Novo emprego, nova profissão

(Imagem retirada daqui)

 

Há uma semana atrás comecei um novo emprego numa nova profissão e, apesar de ter sentido a necessidade de fazer o luto da minha área de formação, até estou a gostar. Após quatro anos para tirar uma licenciatura em saúde, após dois empregos na área e muiiiitos meses de desemprego, senti que a minha área não me retribuía. Todo o esforço que era feito num trabalho dava-me condições precárias e ordenados terríveis, já para não falar das ofertas mirabolantes que recebi. Contrato era um mito para trabalhar como Terapeuta da Fala e os famosos recibos verdes uma constante. Na elaboração do meu plano B estava planeado voltar a estudar numa área completamente diferente da minha. Sentia-me triste com a minha área ser subestimada, sentia-me tremendamente desiludida e que todo o mundo cor-de-rosa que me tinham transmitido na universidade, não passava afinal de uma nuvem negra. Planeava uma área que me desse mais segurança, mesmo que menos satisfação pessoal, e em que pelo menos houvesse emprego, então passou-me pela cabeça 'Administração e Contabilidade'. Vejam a ironia do destino, após 8 meses sem um emprego a tempo inteiro estou a trabalhar como assistente e administrativa, numa empresa que me tem dado imenso trabalho de contabilidade, facturação e gestão de recursos humanos. Posso não perceber nada da coisa, aliás, não percebo e o patrão sabia-o melhor que ninguém, ainda assim aceitou dar-me uma oportunidade e propôs-me um contrato, com probabilidade de entrar no quadro da empresa, com um bom ordenado e ainda à portinha de casa. A única coisa que precisava de ter: vontade de aprender e humildade para aceitar que me ensinassem. Aceitei, na hora! No fundo estava cansada de ser posta de lado na minha área, cansada de rejeições e até cansada de rejeitar aquilo que achavam ser um trabalho perfeito (que no fundo era uma espécie de escravidão!). Chorei, chorei por sentir que com uma estabilidade não iria querer voltar a colocar-me na posição de desempregada. Chorei porque sei que agora não me posso dedicar tanto tempo a procurar trabalho da área. Mas também sorri e sorri muito. Consegui um emprego. Consegui um trabalho digno que valoriza o trabalhador, que lhe paga todos os direitos (isto de receber aos feriados ainda me faz confusão) e que lhe dá oportunidades. Consegui um trabalho perto de casa. Consegui e só por isso já me senti mais viva, mais concretizada, mais relaxada e mais feliz.

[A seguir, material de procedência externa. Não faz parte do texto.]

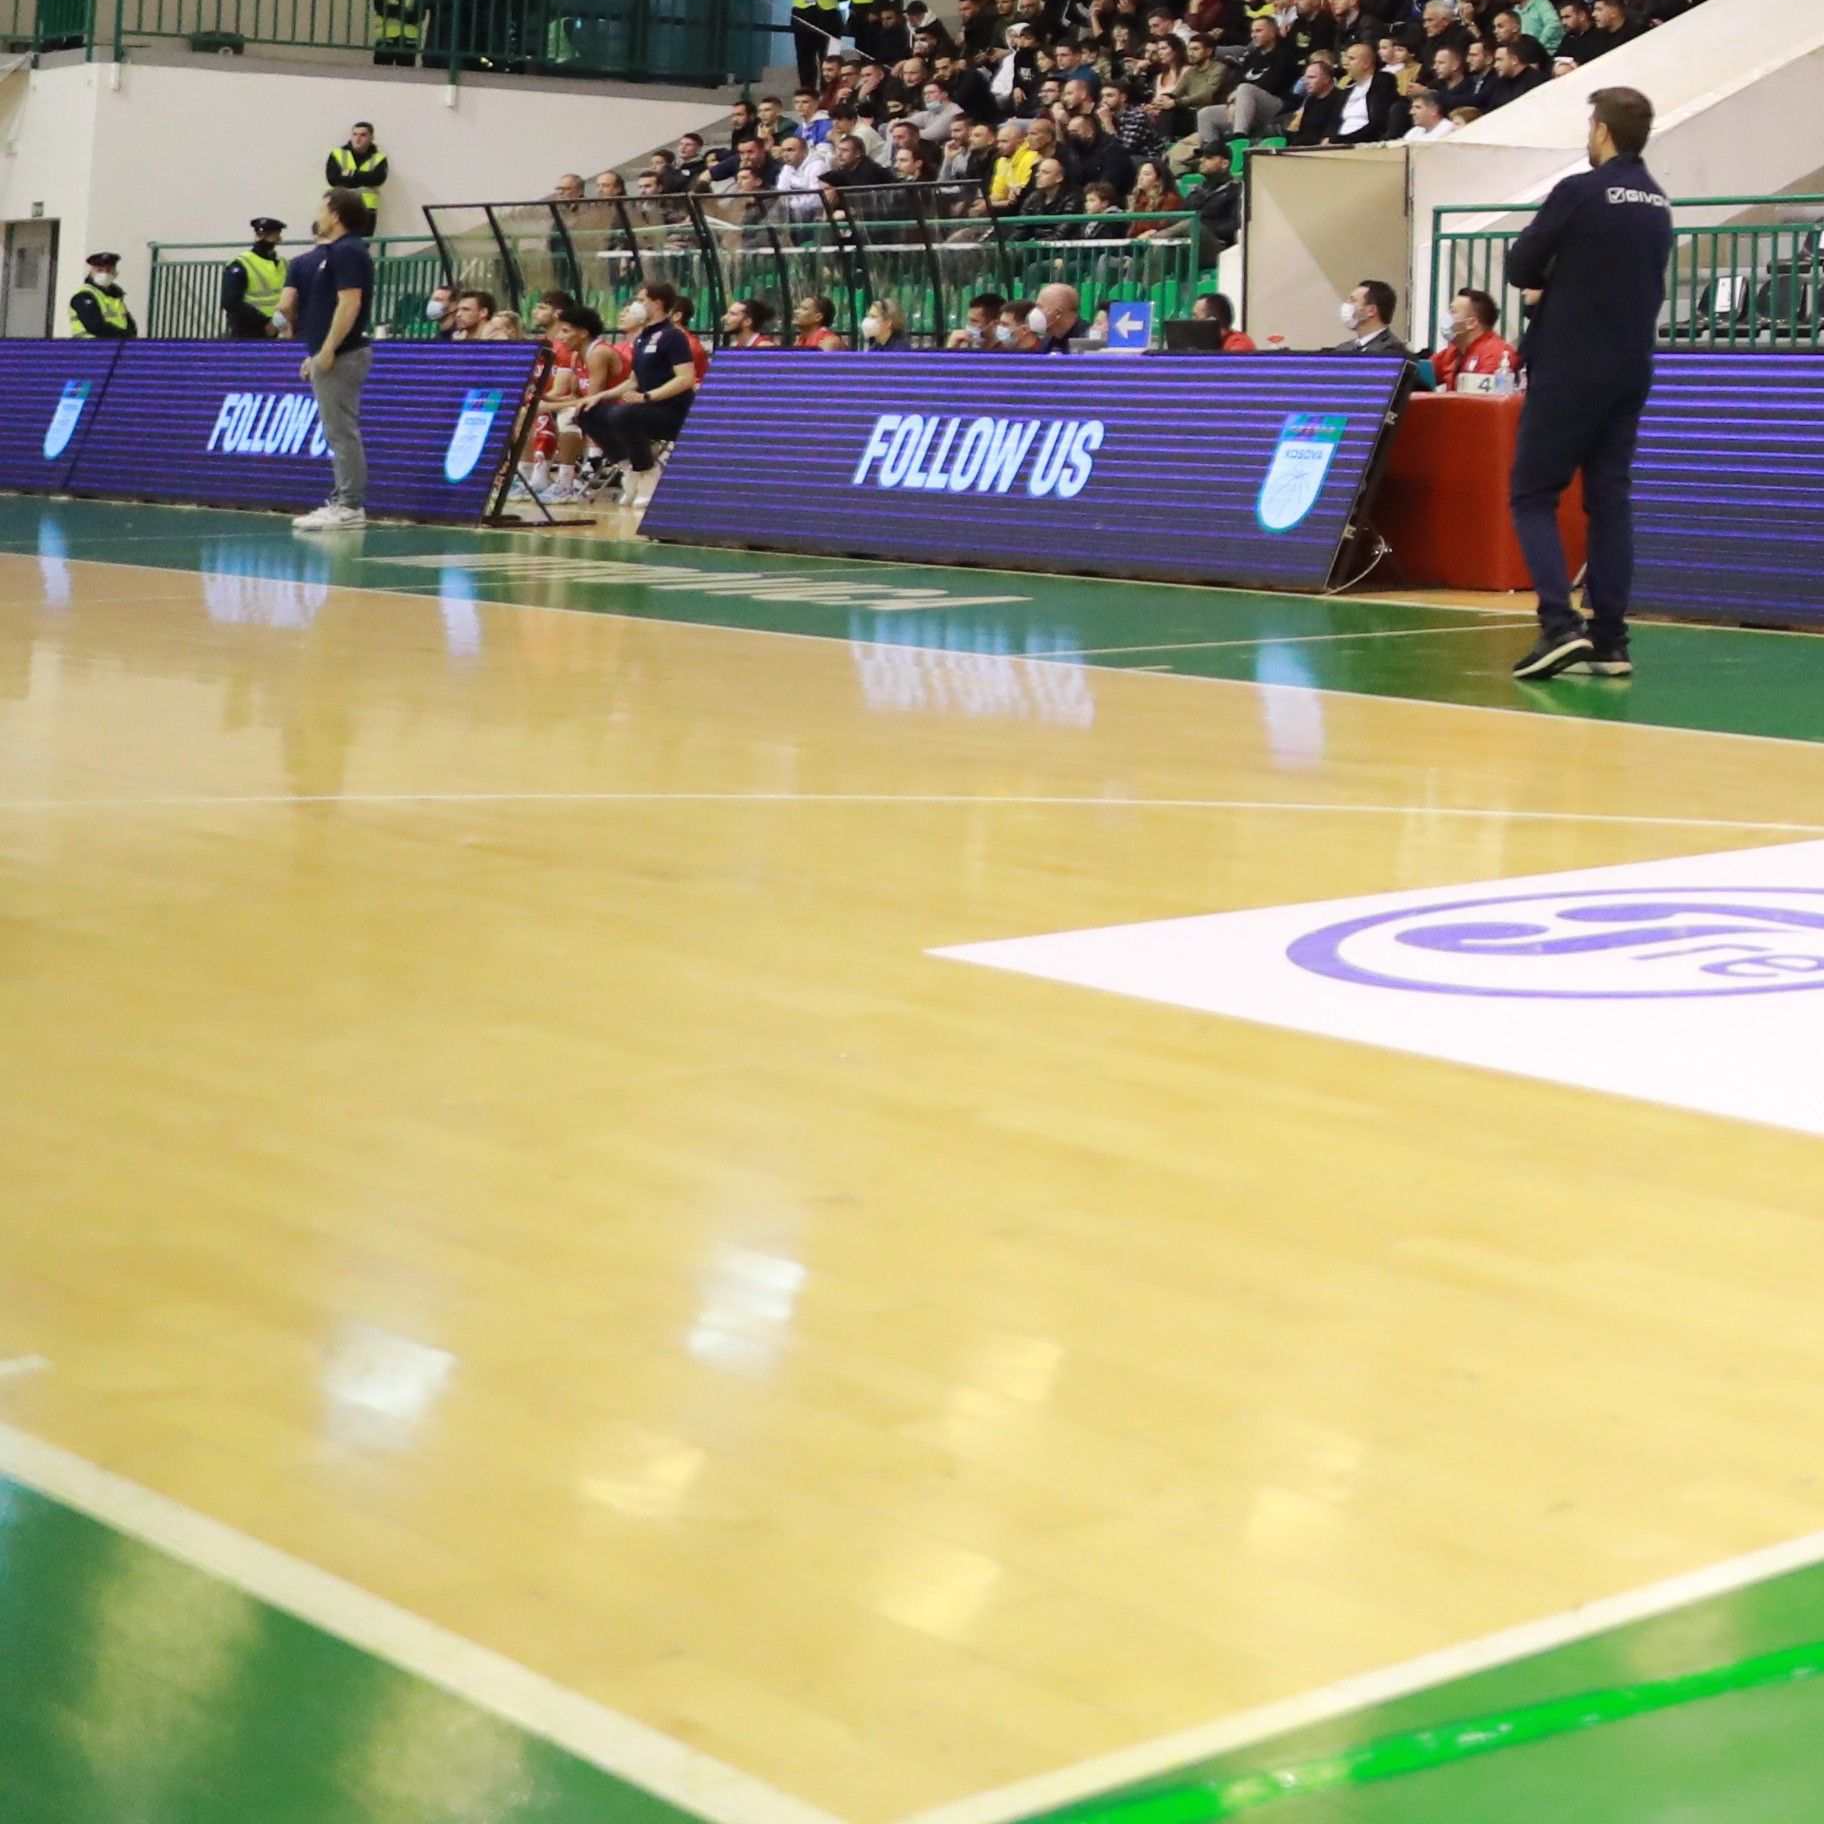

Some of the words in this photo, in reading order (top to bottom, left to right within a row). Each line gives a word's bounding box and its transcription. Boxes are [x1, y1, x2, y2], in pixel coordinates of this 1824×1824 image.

É fora da área, parece que estudei anos a fio para agora não lhes dar valor. Mas é tudo mentira, muito do que aprendi no curso deu-me capacidades para agora trabalhar onde estou. Tudo o que aprendi na faculdade serve agora de base para o que estou a aprender a fazer como assistente, pode não ter termos técnicos de saúde, mas as competências que preciso estão cá e nunca penso que o que estudei, ou o curso que tirei será tempo perdido. Disso não me arrependo. Não fiquei agarrada a uma licenciatura, e penso que para quem não quer emigrar isso é essencial. Dói, dói um bocadinho claro, não digo que não, mas tudo o resto tem compensado. O bom ambiente no trabalho, o pessoal disponível para ajudar a qualquer momento e um patrão que se preocupa com os empregados. Quando me perguntam se estou a gostar, digo que ainda é muito cedo para o dizer, passou pouco mais de uma semana, o que não sabem é que não ter elevado as expectativas quanto às minhas funções naquele local tem-me feito sentir feliz a cada momento que aprendo algo novo em que sei que irei ser útil.

É um novo emprego, uma nova profissão, mas também um novo recomeço que só peço para que corra bem!